EXERCISE DIRECTIONS: Drop all images and give the records again exactly.
DATA: Begin
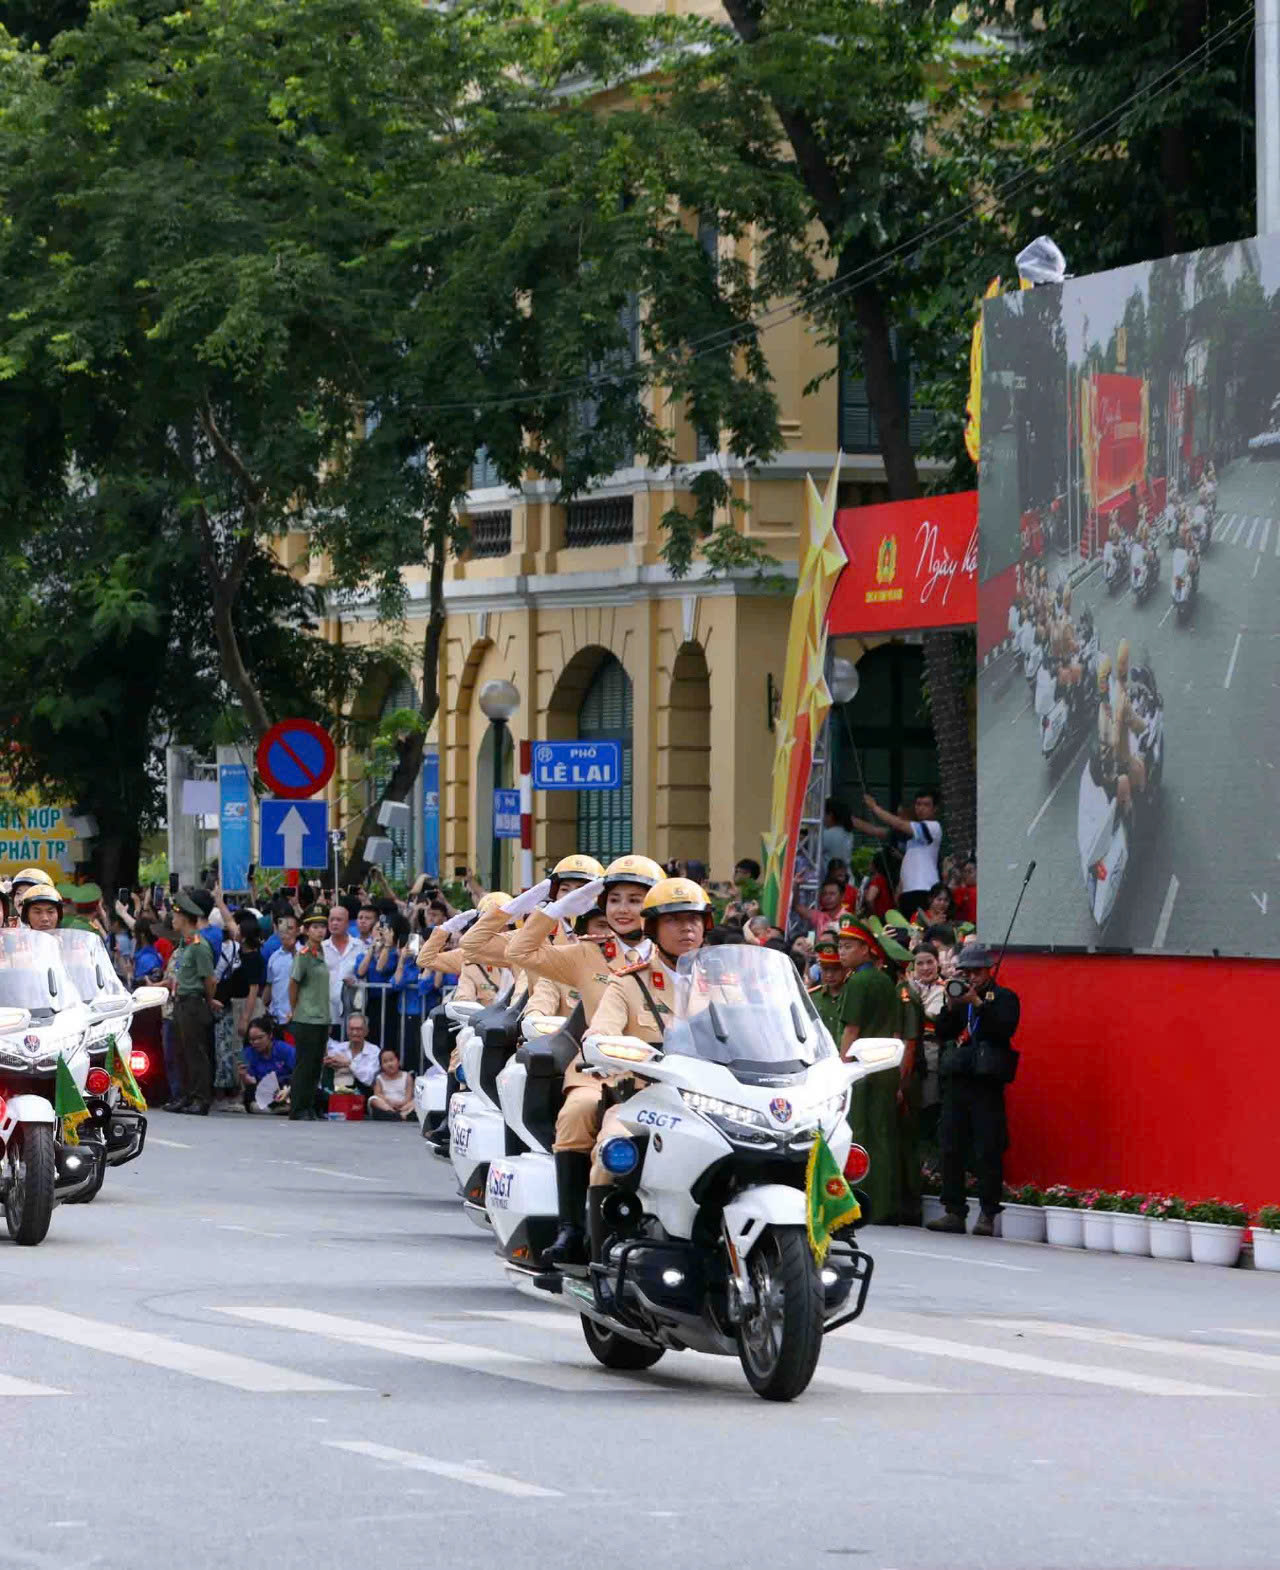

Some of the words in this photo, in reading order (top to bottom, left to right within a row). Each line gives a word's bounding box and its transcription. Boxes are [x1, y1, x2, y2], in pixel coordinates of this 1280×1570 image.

[914, 520, 958, 606] Ngày
[570, 745, 597, 759] PHỐ
[541, 762, 568, 782] LÊ
[572, 765, 611, 782] LAI
[28, 806, 62, 833] HỢP
[636, 1109, 682, 1130] CSGT
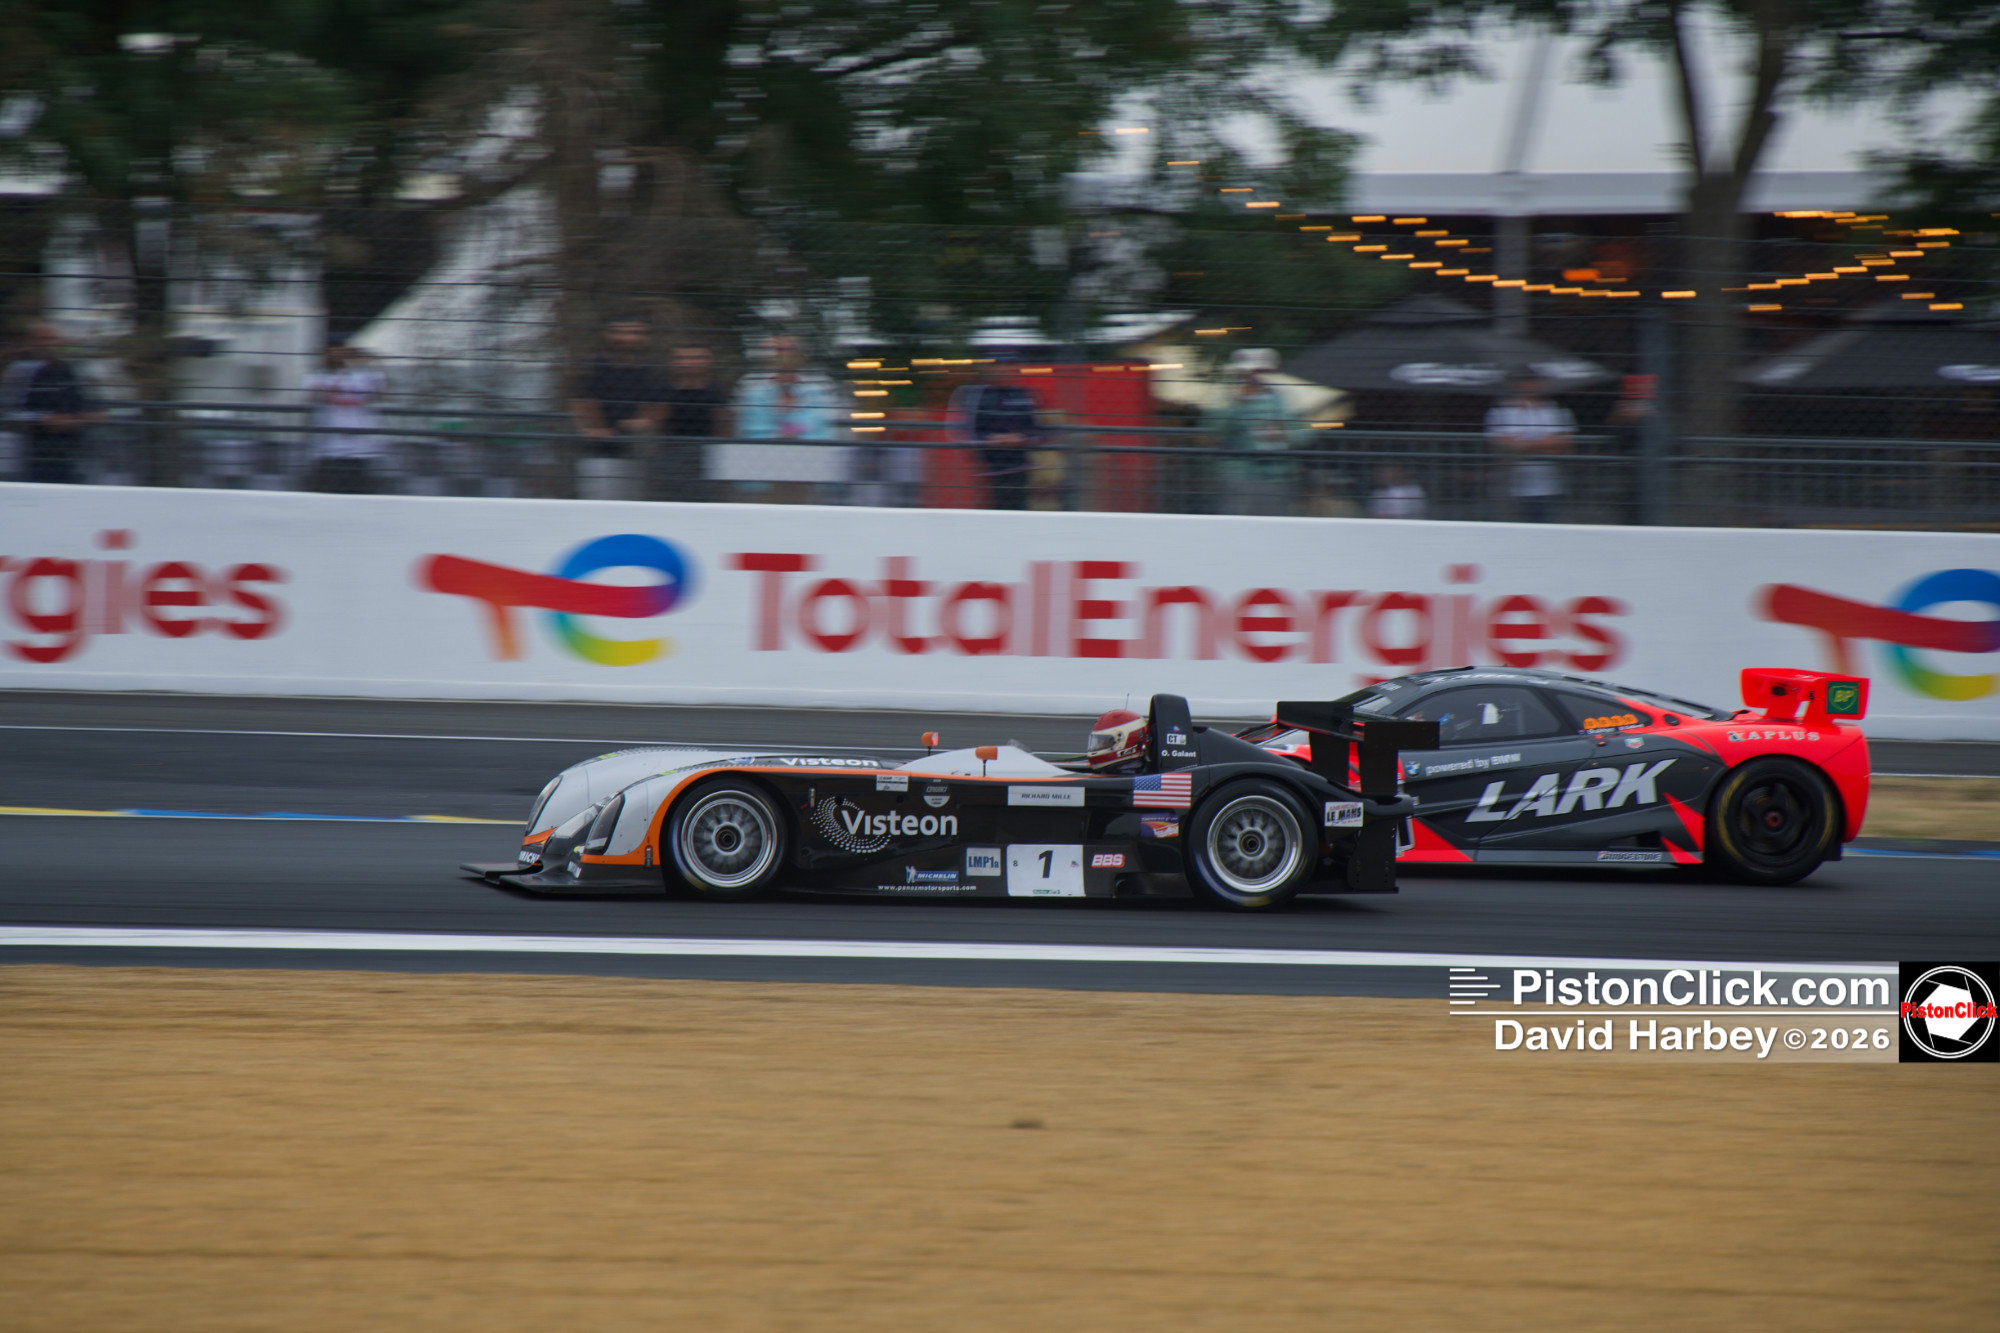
DATA: End
OUTPUT OF THE EXERCISE:
Some of the words in this photo, in reading order (top to bottom, left to right within a row). Each line gives a word's bounding box and its transcription. Boxes are [x1, y1, x2, y2], in pixel coordinates of this 1280×1570 image.

[914, 520, 958, 606] Ngày
[570, 745, 597, 759] PHỐ
[541, 762, 568, 782] LÊ
[572, 765, 611, 782] LAI
[28, 806, 62, 833] HỢP
[636, 1109, 682, 1130] CSGT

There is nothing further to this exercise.